Using your voice optimally is, obviously very important: it is the one thing people will have to listen to in order to get your message. Therefore, knowing how to use your voice is essential to presenting well. And note that your ‘presenting voice’ doesn’t necessarily need to match up with your ‘normal voice’.

1. Volume

First things first: make sure all people can hear you wherever they are in the room! This is a very basic tip, but one of the most important ones as well: if people can’t hear you, it doesn’t matter how well you present, they won’t understand what you’re talking about, because they literally won’t be able to hear it. Depending on your voice, this will result in one of the following adjustments to get into proper ‘presentation voice mode’:
• You will raise your voice to make sure everyone in the back can clearly hear you. I always do this myself, so my ‘presentation voice’ is always louder than my more natural, soft everyday-talking voice.
• You will lower your voice, so that the people in the first row don’t get blown away: you don’t want your voice to be so loud as to be a nuisance for people sitting close by.

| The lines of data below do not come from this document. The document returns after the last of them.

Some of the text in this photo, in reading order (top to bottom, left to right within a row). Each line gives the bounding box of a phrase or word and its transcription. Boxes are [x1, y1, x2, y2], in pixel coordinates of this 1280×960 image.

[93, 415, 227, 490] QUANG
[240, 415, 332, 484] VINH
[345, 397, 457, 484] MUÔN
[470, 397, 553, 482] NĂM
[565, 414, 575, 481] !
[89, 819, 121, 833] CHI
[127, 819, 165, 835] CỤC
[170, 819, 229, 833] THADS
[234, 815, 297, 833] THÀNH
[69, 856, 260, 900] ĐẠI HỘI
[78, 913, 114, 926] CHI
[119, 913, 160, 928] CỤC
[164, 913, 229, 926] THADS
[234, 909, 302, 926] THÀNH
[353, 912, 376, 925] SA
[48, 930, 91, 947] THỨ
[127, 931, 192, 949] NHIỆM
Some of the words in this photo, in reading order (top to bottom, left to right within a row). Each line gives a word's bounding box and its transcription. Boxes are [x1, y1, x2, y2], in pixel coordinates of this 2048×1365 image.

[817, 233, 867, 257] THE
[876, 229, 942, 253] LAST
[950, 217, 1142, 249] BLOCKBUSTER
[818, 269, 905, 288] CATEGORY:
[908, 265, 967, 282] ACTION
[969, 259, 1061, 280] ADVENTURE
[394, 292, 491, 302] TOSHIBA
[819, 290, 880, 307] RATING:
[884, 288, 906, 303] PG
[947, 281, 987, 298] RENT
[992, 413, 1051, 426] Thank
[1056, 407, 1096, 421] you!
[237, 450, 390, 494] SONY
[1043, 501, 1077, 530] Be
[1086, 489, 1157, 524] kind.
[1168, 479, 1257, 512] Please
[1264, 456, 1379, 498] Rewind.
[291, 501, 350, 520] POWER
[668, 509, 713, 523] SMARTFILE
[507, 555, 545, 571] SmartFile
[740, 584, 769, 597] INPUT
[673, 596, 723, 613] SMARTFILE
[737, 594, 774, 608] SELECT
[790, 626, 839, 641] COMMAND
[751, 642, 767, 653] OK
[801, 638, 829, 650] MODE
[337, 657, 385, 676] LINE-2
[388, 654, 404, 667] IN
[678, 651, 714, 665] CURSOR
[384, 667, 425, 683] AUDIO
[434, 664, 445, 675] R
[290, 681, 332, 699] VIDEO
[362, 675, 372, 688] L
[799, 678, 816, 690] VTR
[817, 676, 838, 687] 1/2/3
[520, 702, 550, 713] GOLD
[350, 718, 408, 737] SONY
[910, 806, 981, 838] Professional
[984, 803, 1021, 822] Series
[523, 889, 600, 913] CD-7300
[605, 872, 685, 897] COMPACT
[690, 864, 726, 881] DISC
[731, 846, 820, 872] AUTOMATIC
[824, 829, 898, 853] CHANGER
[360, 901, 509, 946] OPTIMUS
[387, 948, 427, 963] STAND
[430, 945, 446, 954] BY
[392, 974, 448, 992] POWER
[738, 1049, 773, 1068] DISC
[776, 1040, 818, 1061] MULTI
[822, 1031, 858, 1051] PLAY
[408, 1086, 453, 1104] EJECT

Make sure your voice carries across the room

To test how loudly you need to speak, you can ‘scout’ the room beforehand with a friend. Make sure they stay at the back of the room, and walk up to the front of the room and start talking in your ‘presentation voice’. Can your friend clearly hear everything you say? Then you are good to go. Otherwise, you can adjust and test the volume of your voice according to the comments of your friend. No time/opportunity for a test round of your voice volume? Start your presentation with ‘Can everybody hear me?’ and you’ll soon find out how loud you need to speak.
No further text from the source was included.